[Opening Recorded information section]

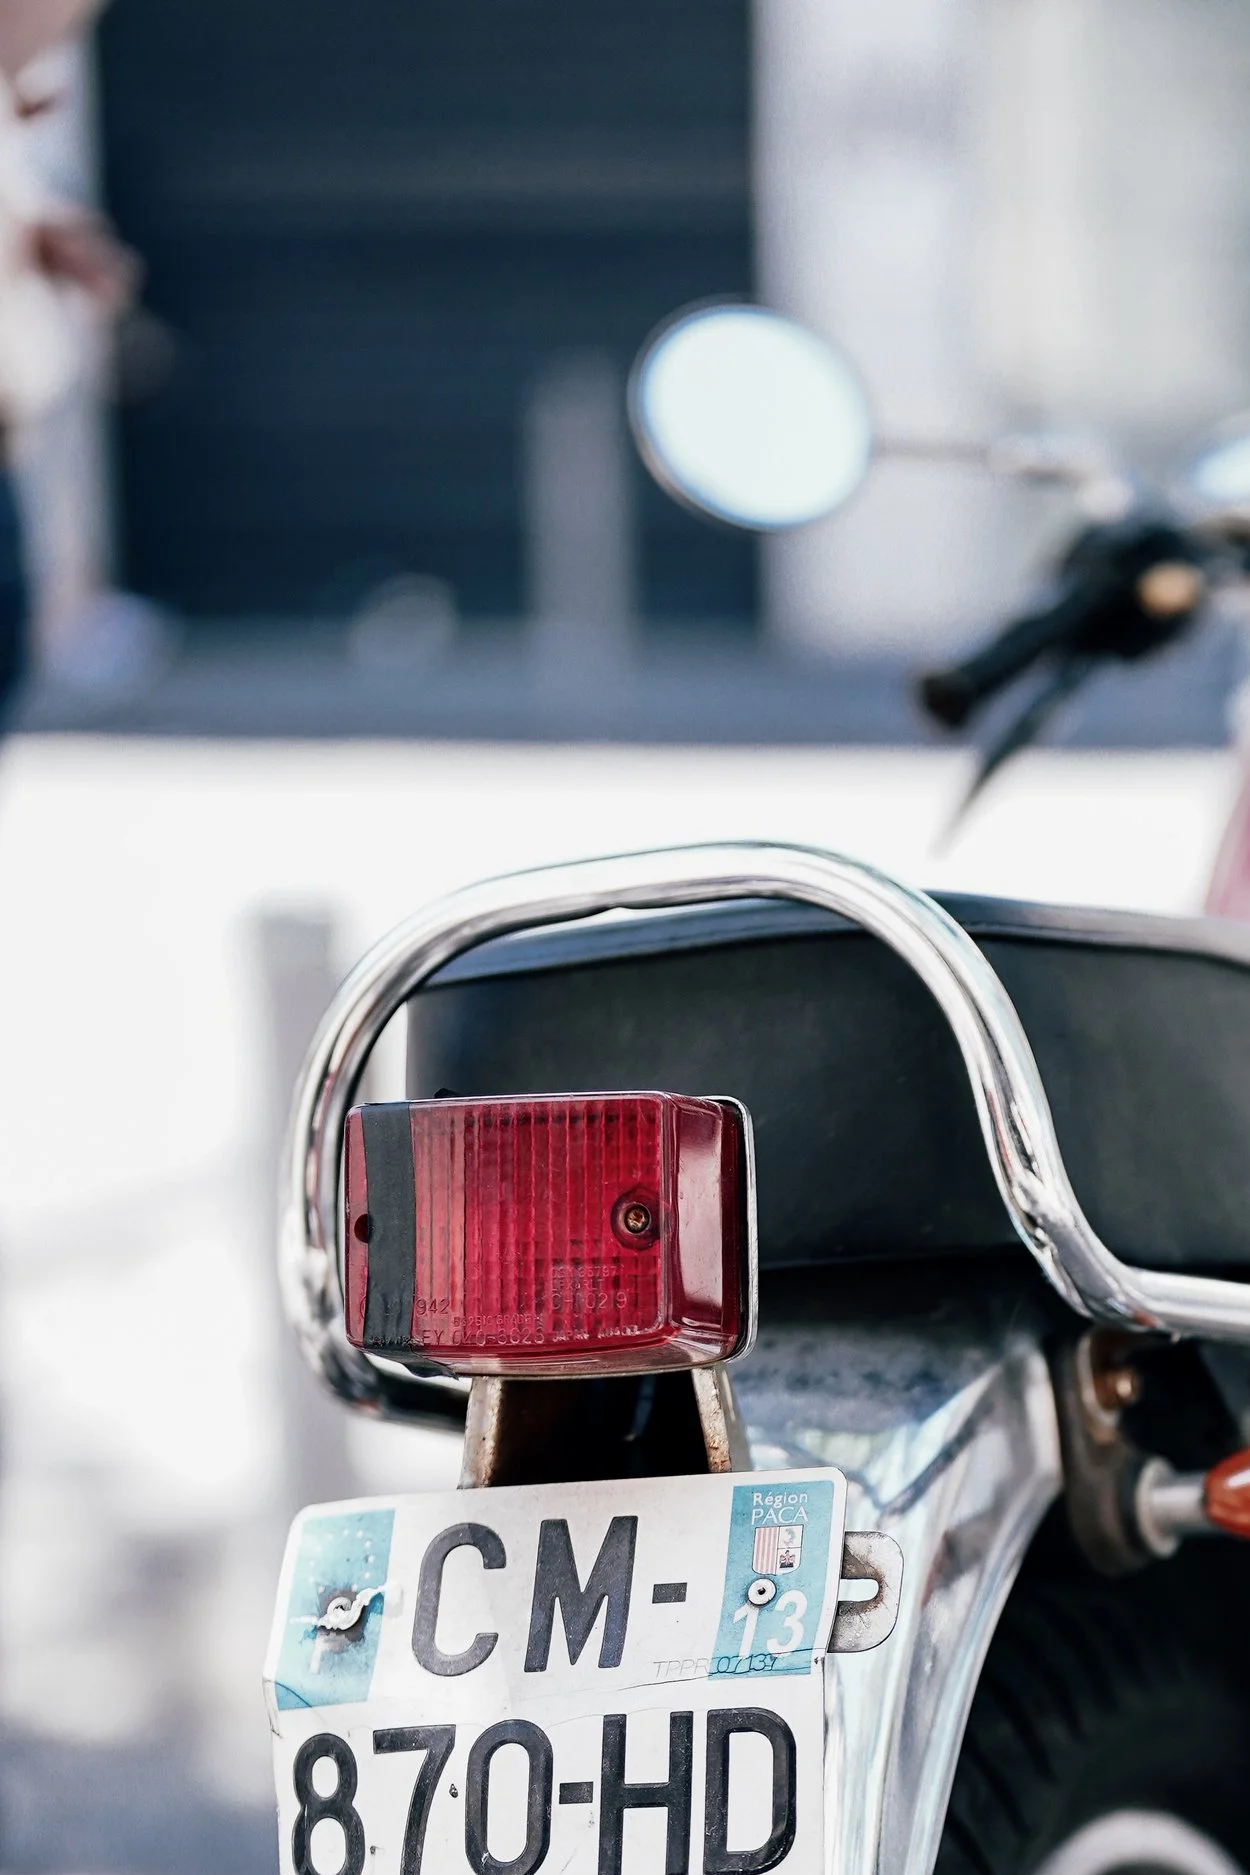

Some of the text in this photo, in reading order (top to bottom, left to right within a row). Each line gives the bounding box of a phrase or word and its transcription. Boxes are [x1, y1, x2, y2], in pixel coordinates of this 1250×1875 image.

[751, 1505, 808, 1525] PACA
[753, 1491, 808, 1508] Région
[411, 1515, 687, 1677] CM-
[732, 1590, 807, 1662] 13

[Closing Recorded information section]

> **What is being asked**
An exact copy of the entries above is needed, with the pictures removed.

> **Answer space**
Some of the text in this photo, in reading order (top to bottom, left to right within a row). Each line gives the bounding box of a phrase or word and its transcription. Boxes are [x1, y1, x2, y2], in pixel coordinates of this 1250×1875 image.

[751, 1505, 808, 1525] PACA
[753, 1491, 808, 1508] Région
[411, 1515, 687, 1677] CM-
[732, 1590, 807, 1662] 13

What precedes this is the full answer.